La hermandad del calabozo

Cuartelillo del antiguo Ayuntamiento de San Lorenzo. (ALEJANDRO RAMOS)

«(…) Todas estas llagas, hinchazones y heridas/que tus ojos redondos miran hipnotizados/son durísimos golpes/son botas en la cara/demasiado dolor para que te lo oculte/demasiado suplicio para que se me borre…»

Mario Benedetti – Hombre preso que mira a su hijo

Y tras las rejas los casi cuarenta hombres malvivían en el cuartelillo de Tamaraceite ya por quince días sin poder moverse debido al reducido espacio del habitáculo construido para cinco o seis presos en el sótano de la Casa Consistorial. Les tiraban la comida como a perros, que no era más que un balde con agua y mendrugos de pan por las rejas y no conseguían la confrontación que esperaban a pesar del hambre extrema. Los paisanos se organizaban partiendo trozo a trozo el duro alimento y repartiéndolo equitativamente entre todos sin que nadie se quedara sin el exiguo condumio.

De noche los falangistas, todos vecinos del pueblo, conocidos de toda la vida, hasta familiares, los sacaban en grupos reducidos para llevarlos en vehículos de los caciques agrícolas a Los Giles para torturarlos.

Era una tortura repetitiva y brutal, siempre la misma, donde «El verdugo de Tenoya», fiel escudero del niño bien Ezequiel Betancor, les destrozaba la piel y la carne con la pinga de buey (1). Aquel descampado sin casi vegetación ni viviendas cercanas ahogaba los gritos y aullidos desesperados de dolor, tan solo interrumpidos por un:

-¿Les sigo pegando mi amo?- Del lúgubre martirizador.

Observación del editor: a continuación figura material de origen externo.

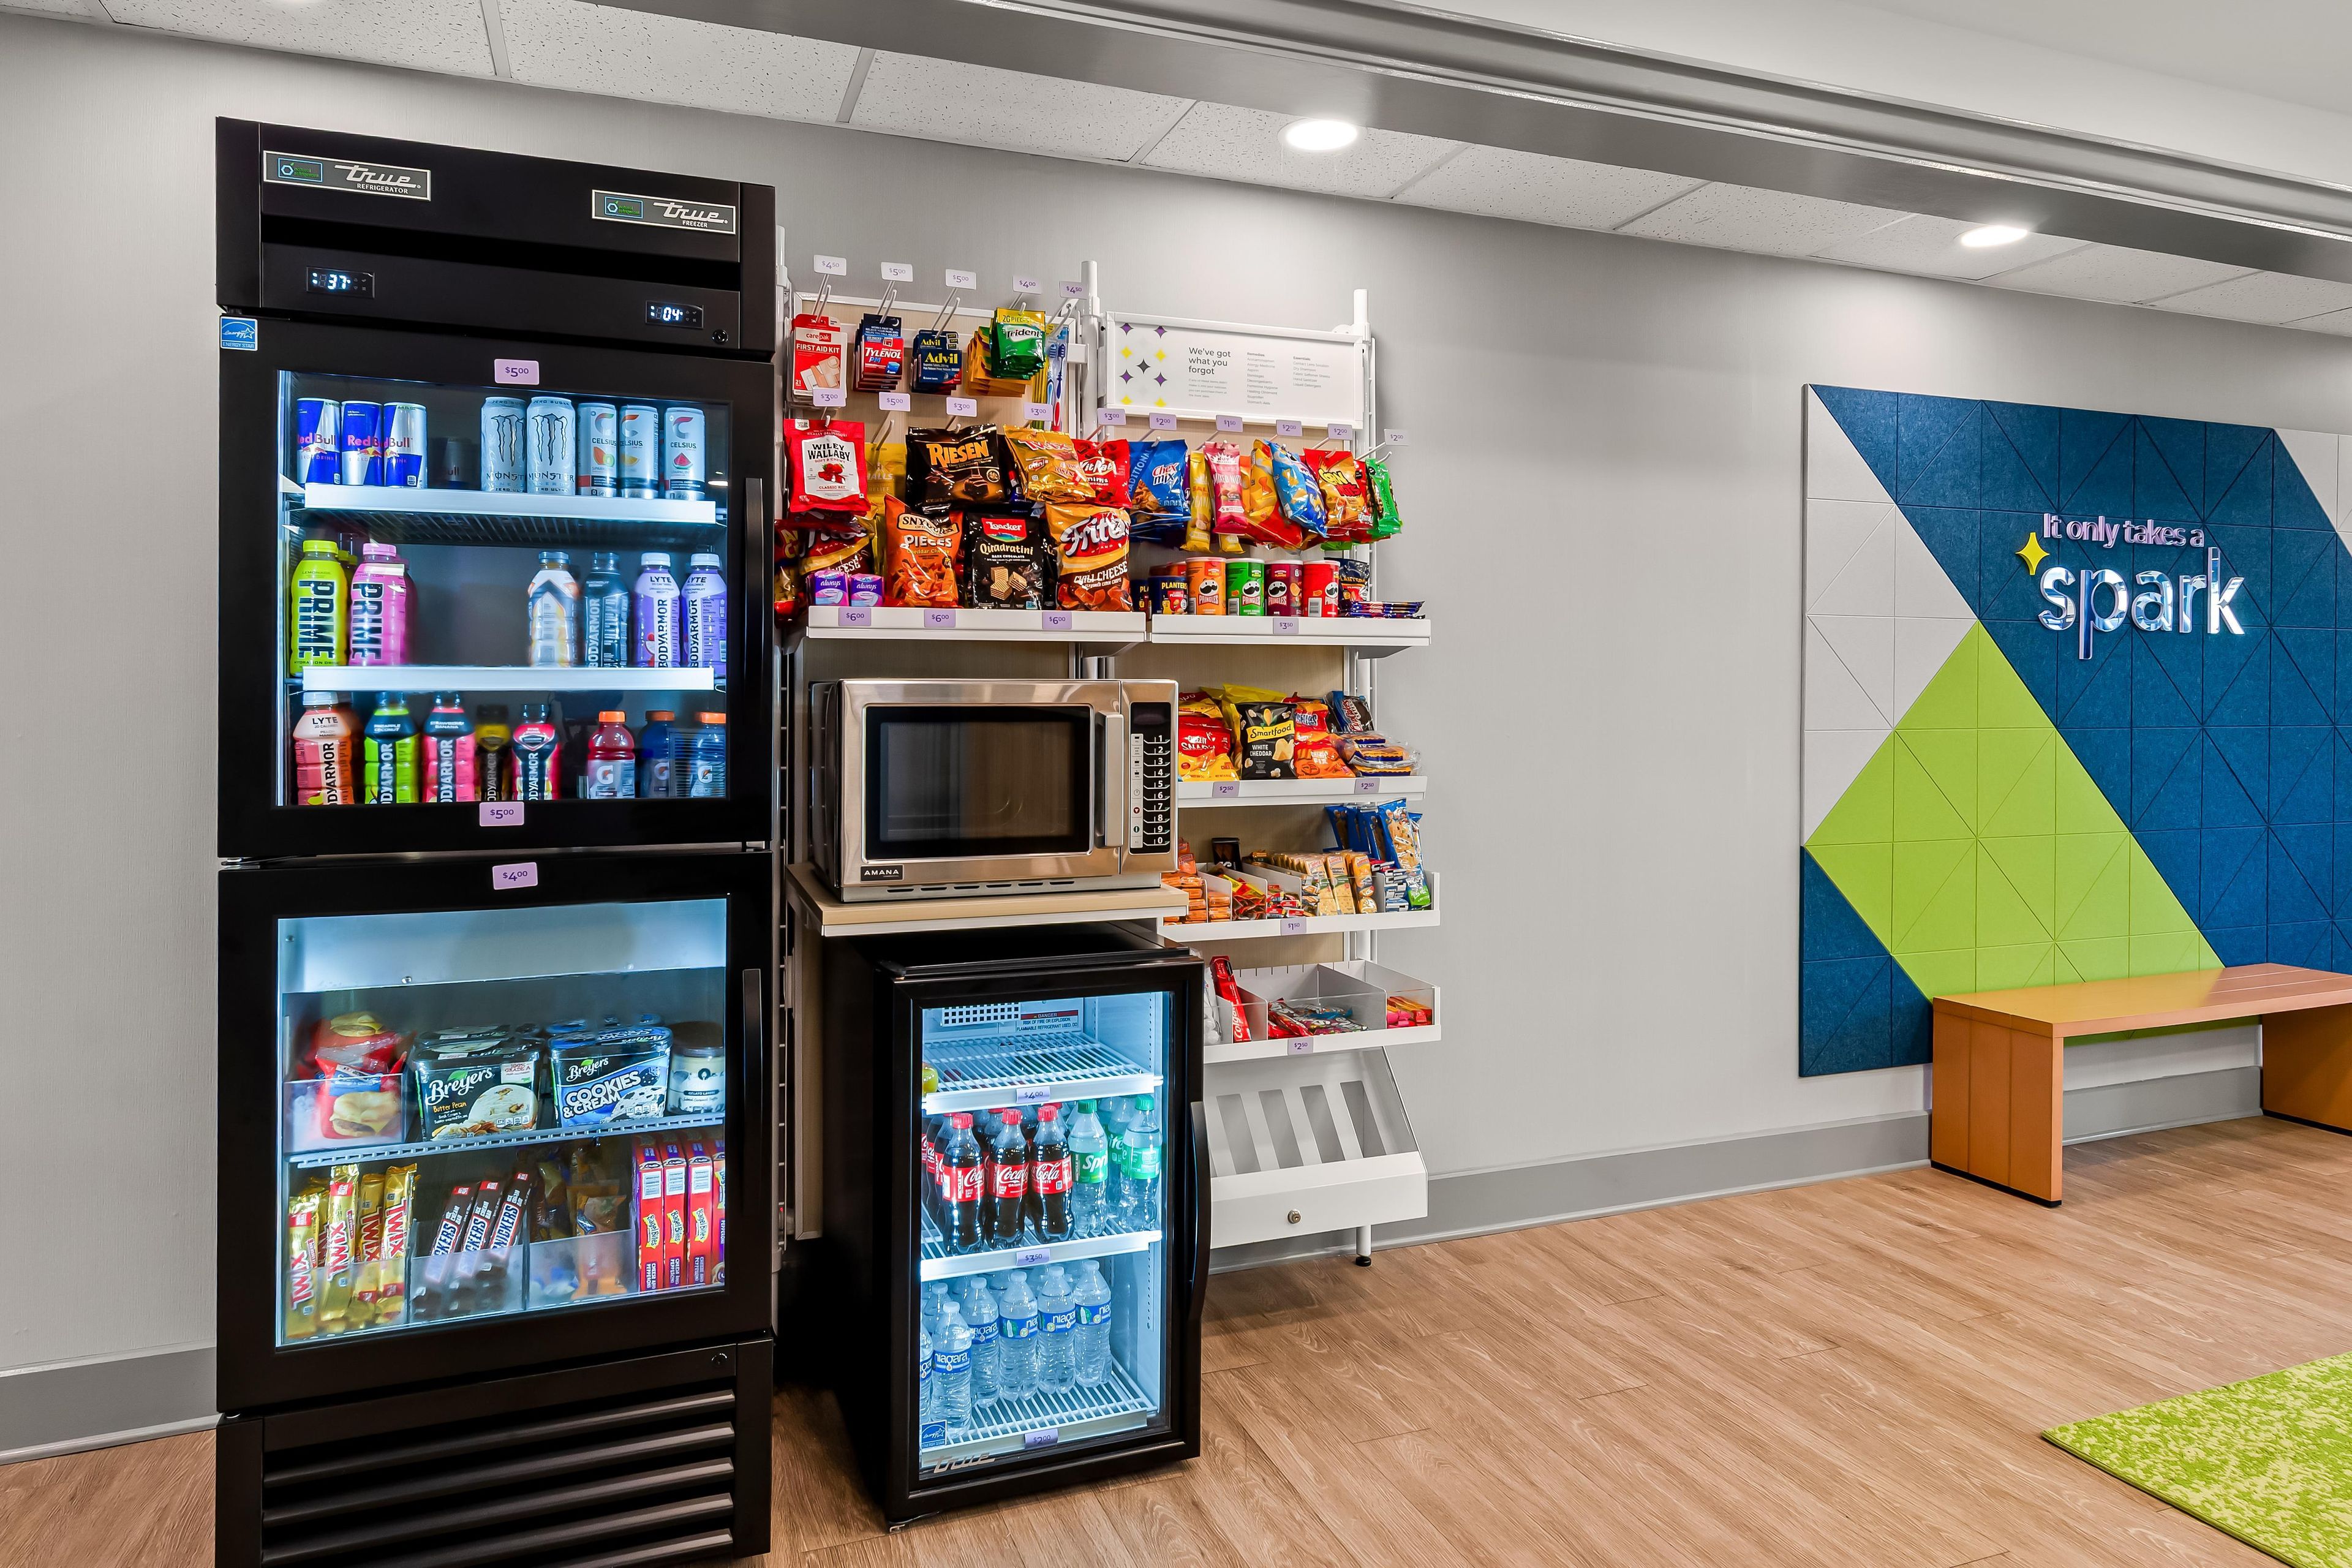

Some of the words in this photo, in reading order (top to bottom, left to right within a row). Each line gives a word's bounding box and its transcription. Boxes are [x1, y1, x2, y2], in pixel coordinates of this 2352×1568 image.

[334, 165, 418, 189] true
[356, 183, 409, 194] REFRIGERATOR
[653, 202, 724, 224] true
[1006, 329, 1040, 338] Trident
[865, 347, 902, 359] TYLENOL
[925, 352, 958, 364] Advil
[1188, 347, 1215, 356] We've
[1188, 366, 1215, 375] forgot
[315, 434, 336, 446] Bull
[347, 434, 371, 447] Red
[388, 437, 410, 448] Bull
[592, 437, 617, 447] CELSIUS
[812, 443, 845, 451] WILEY
[807, 450, 851, 462] WALLABY
[926, 440, 990, 468] RIESEN
[529, 470, 575, 483] MONSTR
[1152, 462, 1180, 477] Chex
[1318, 467, 1349, 486] CORN
[1153, 472, 1176, 486] mix
[986, 521, 1022, 531] Loacker
[2043, 513, 2062, 539] It
[2066, 515, 2120, 549] only
[2122, 519, 2187, 546] takes
[2188, 529, 2205, 548] a
[904, 534, 952, 548] PIECES
[980, 543, 1034, 556] Quadratini
[1097, 560, 1128, 581] CHEESE
[820, 579, 842, 588] always
[1199, 594, 1219, 605] PRINGLES
[1242, 594, 1261, 606] PRINGLES
[1268, 596, 1287, 606] PRINGLES
[2038, 546, 2245, 660] spark
[298, 579, 336, 659] PRIME
[352, 582, 384, 660] PRIME
[1250, 724, 1292, 738] Smartfood
[566, 1057, 609, 1082] Breyers
[424, 1068, 493, 1106] Breyers
[565, 1071, 642, 1107] COOKIES
[433, 1104, 451, 1113] Butter
[562, 1105, 575, 1119] &
[573, 1090, 621, 1115] CREAM
[1036, 1162, 1061, 1180] Cola
[385, 1198, 407, 1257] TWIX
[327, 1220, 350, 1282] TWIX
[935, 1351, 968, 1367] niagara

A quien contestaba el más joven de Los Betancores con un:

-Pisquito más, pisquito más «pariente», que sepan donde se han metido con las huelgas y sus mierdas, que nos salpique la sangre y su carne-

Cuando llegaban con la piel destrozada caían redondos al suelo y el resto de reos les hacían hueco, los abrazaban, se quitaban las camisas y mojándolas en agua se las ponían a modo de alivio fresco en sus espaldas rotas.

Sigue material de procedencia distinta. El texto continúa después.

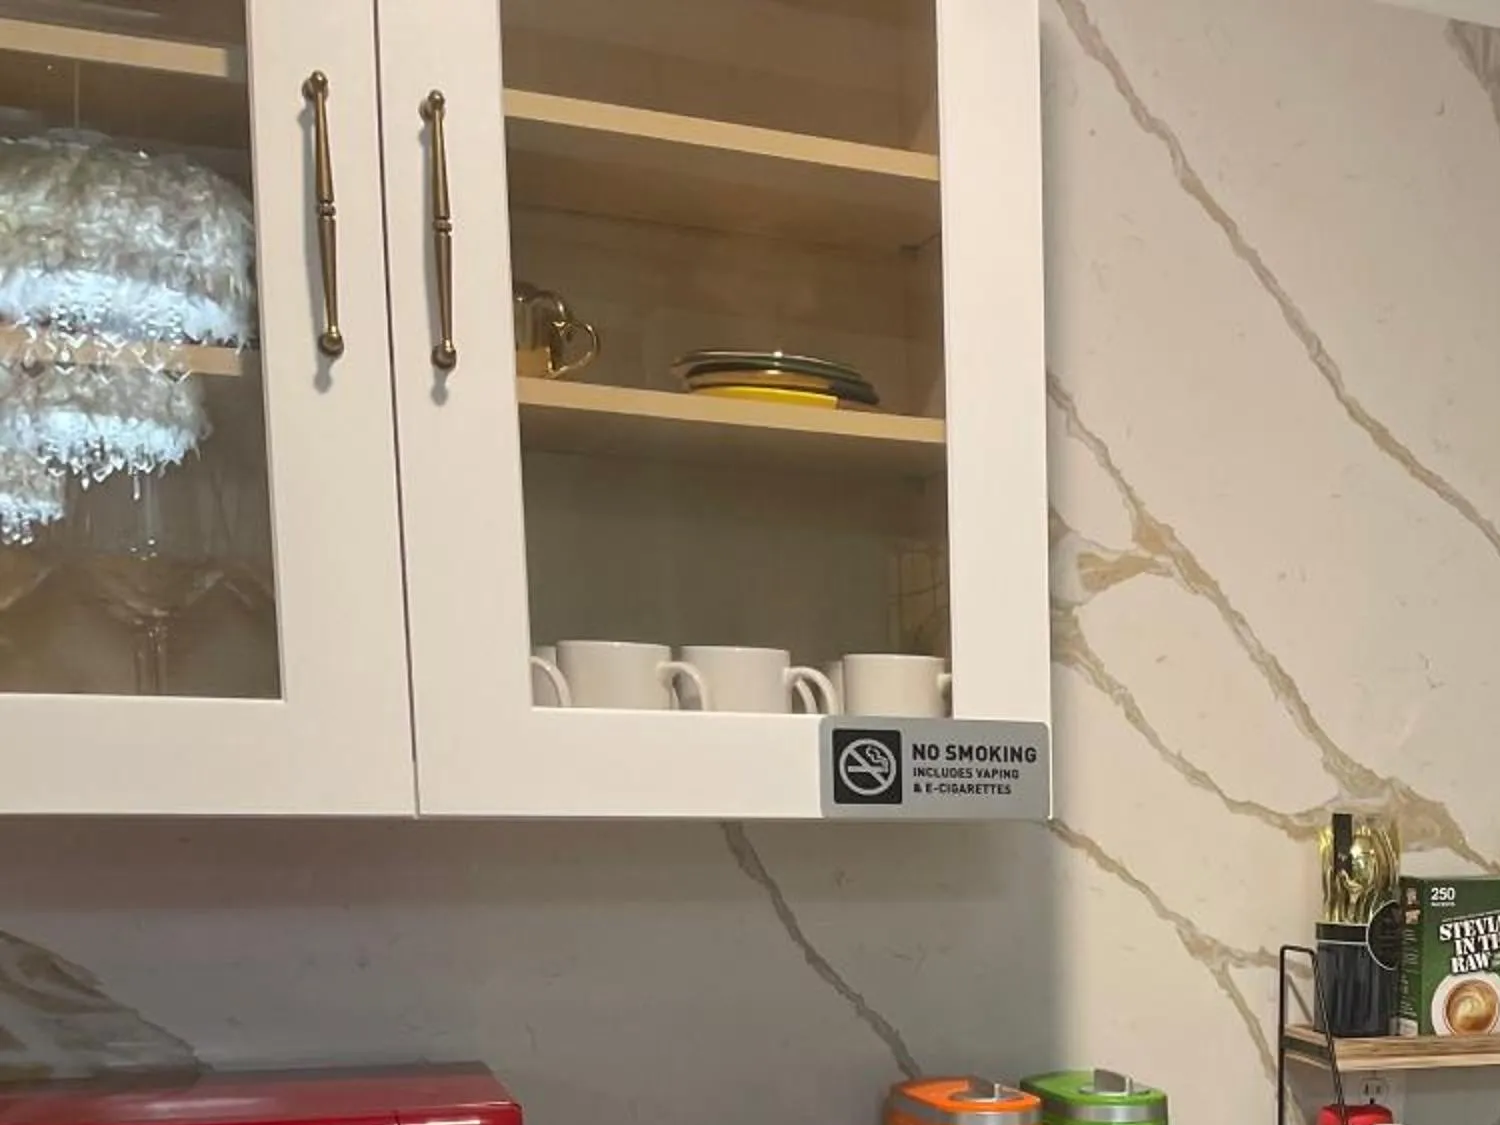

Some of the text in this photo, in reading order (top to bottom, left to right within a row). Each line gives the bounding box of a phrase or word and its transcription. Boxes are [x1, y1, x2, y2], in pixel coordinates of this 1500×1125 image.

[912, 744, 1037, 763] NO SMOKING
[913, 766, 1020, 780] INCLUDES VAPING
[913, 783, 1012, 795] & E-CIGARETTES
[1430, 887, 1456, 901] 250
[1454, 937, 1476, 957] IN
[1450, 951, 1491, 974] RAW
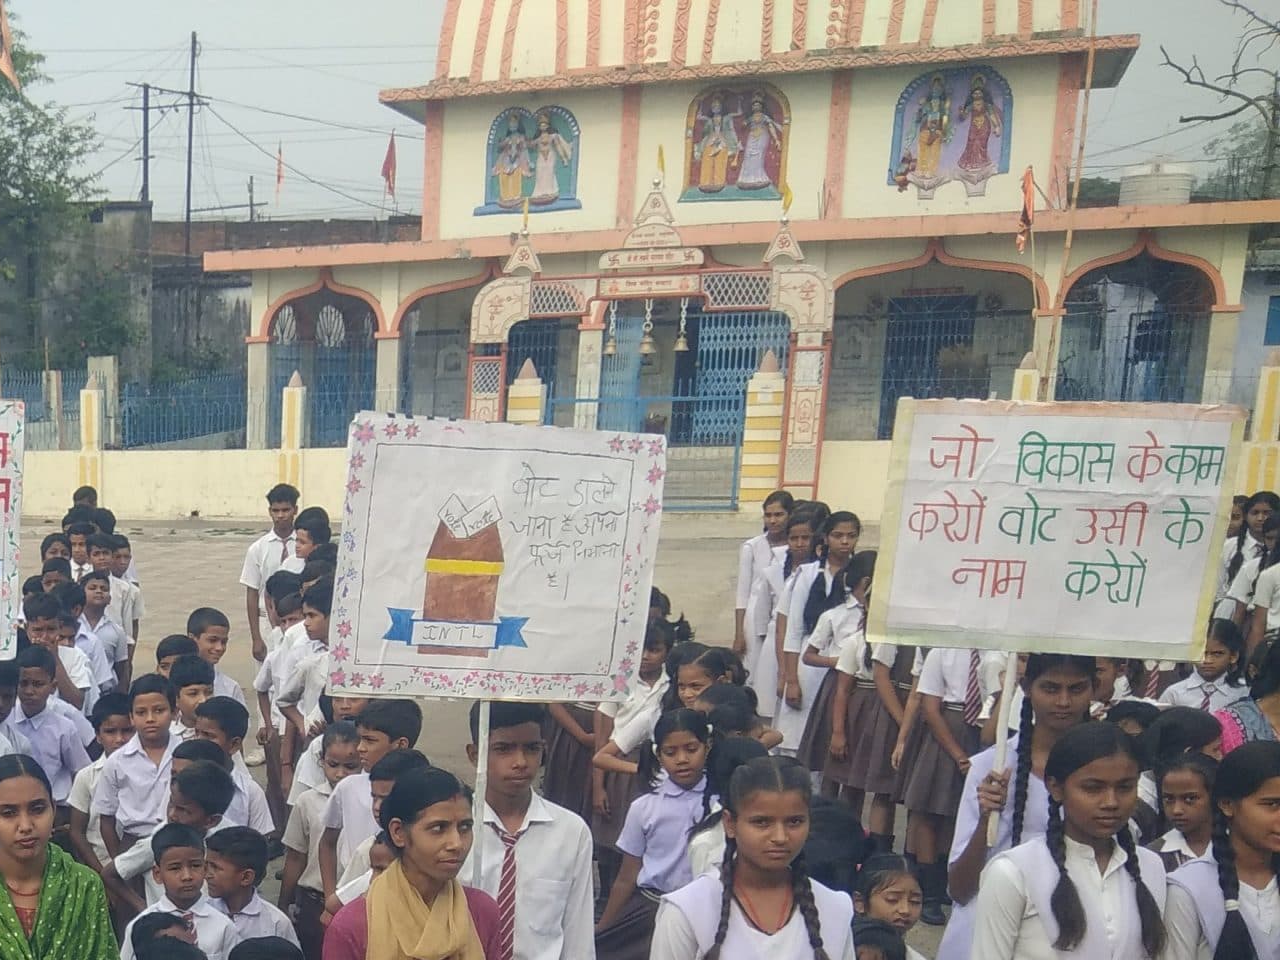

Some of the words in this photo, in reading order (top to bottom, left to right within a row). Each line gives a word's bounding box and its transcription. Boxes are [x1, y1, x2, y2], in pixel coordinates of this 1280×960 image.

Luego los dormían no se sabe todavía, como una madre que cuida a un niño enfermo con fiebre alta y la garganta purulenta.

La hermandad del calabozo pasó allí treinta y siete días, hasta que se los fueron llevando uno a uno al Castillo de San Francisco, a la Comisaría de Luis Antúnez, al Colegio de Los Jesuitas o directamente a los pozos y grietas volcánicas, cuando no pasaban por la humillación de un Consejo de Guerra. La muerte era más rápida, el tiro en la nuca era el mismo, pero se ahorraban la verborrea y el ritual criminal de aquellas bestias demoniacas.

(1) Fusta verga o vergajo de toro utilizada a modo de látigo.